MicroStrategy has attracted attention with its 332% stock gain through 2024. The company is planning a $10 billion new stock issue. The impact of this plan is being watched closely by market analysts and existing shareholders.
In 2024, MicroStrategy attracted attention by focusing on Bitcoin purchases and broke a record by accumulating a total of 446,400 Bitcoins by the end of the year. In parallel with the increase in the price of Bitcoin, the company's shares also experienced a significant increase and gained 332% in value. However, the company's $ 10 billion share issuance plan draws attention with its potential to affect market dynamics.
MicroStrategy shares fell 40% from their peak of $473 to fall below $300 by the end of the year. The decline is seen as a reflection of the selling pressure in the markets despite the company’s Bitcoin-focused strategy. The company continued its commitment to digital assets by purchasing an additional 2,138 Bitcoins during the year. However, the stock issuance plan raised concerns about diluting the shares of existing shareholders.
Analysts predict that MicroStrategy’s MSTR shares may lose value following the stock issuance. 21st Capital CEO Sino G. commented on this issue, “MicroStrategy is not affected by declines in Bitcoin prices. However, sideways or downward trends could create a significant decline in the shares.”

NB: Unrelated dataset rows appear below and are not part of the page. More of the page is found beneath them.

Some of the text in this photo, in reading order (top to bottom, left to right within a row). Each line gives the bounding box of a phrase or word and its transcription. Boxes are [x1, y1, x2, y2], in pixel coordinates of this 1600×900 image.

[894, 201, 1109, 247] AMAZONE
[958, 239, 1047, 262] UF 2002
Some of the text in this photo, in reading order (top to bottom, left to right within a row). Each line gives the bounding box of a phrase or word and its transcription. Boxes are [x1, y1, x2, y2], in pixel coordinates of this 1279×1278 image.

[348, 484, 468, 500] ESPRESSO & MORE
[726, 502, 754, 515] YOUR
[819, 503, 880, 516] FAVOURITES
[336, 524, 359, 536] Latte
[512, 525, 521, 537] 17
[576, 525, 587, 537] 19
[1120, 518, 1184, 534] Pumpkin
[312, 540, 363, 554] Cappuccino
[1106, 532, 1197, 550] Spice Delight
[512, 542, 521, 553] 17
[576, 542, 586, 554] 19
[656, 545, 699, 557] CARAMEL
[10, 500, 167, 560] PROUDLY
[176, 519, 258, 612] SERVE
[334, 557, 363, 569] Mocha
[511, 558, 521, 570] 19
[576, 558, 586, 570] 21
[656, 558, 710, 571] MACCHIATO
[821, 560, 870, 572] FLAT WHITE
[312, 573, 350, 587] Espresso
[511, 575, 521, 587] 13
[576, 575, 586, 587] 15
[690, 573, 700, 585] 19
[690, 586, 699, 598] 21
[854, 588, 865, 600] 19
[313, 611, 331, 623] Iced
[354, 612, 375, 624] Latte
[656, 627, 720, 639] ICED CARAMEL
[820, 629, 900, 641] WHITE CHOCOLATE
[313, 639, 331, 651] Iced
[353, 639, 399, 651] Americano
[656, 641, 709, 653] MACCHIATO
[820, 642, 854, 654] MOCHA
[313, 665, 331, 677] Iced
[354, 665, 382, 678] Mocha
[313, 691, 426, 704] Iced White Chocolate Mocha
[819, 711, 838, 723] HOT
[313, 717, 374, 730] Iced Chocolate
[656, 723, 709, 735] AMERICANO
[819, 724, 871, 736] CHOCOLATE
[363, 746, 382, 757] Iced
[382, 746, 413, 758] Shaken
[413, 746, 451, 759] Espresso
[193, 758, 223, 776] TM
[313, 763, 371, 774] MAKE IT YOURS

Strategy and Future Prospects
MicroStrategy has announced a $10 billion capital increase plan led by Michael Saylor, and this plan is expected to be approved by shareholders. The company’s move is seen as a move to increase Bitcoin prices. However, there are also concerns that existing shareholders will be diluted due to the stock issuance.
MicroStrategy’s strategy aims to create a cycle of capital raising and Bitcoin purchases. The company raises capital by taking advantage of low interest rates and uses this capital to buy Bitcoin. This Bitcoin is then financed by issuing new shares. This strategy aims to make the company a bigger player in the Bitcoin market.
But the impact of this approach on stocks can be complex. Analysts say stock prices are closely tied to Bitcoin’s price movements and market sentiment. This strategy can have a major impact on a company’s market value and shareholders’ long-term returns.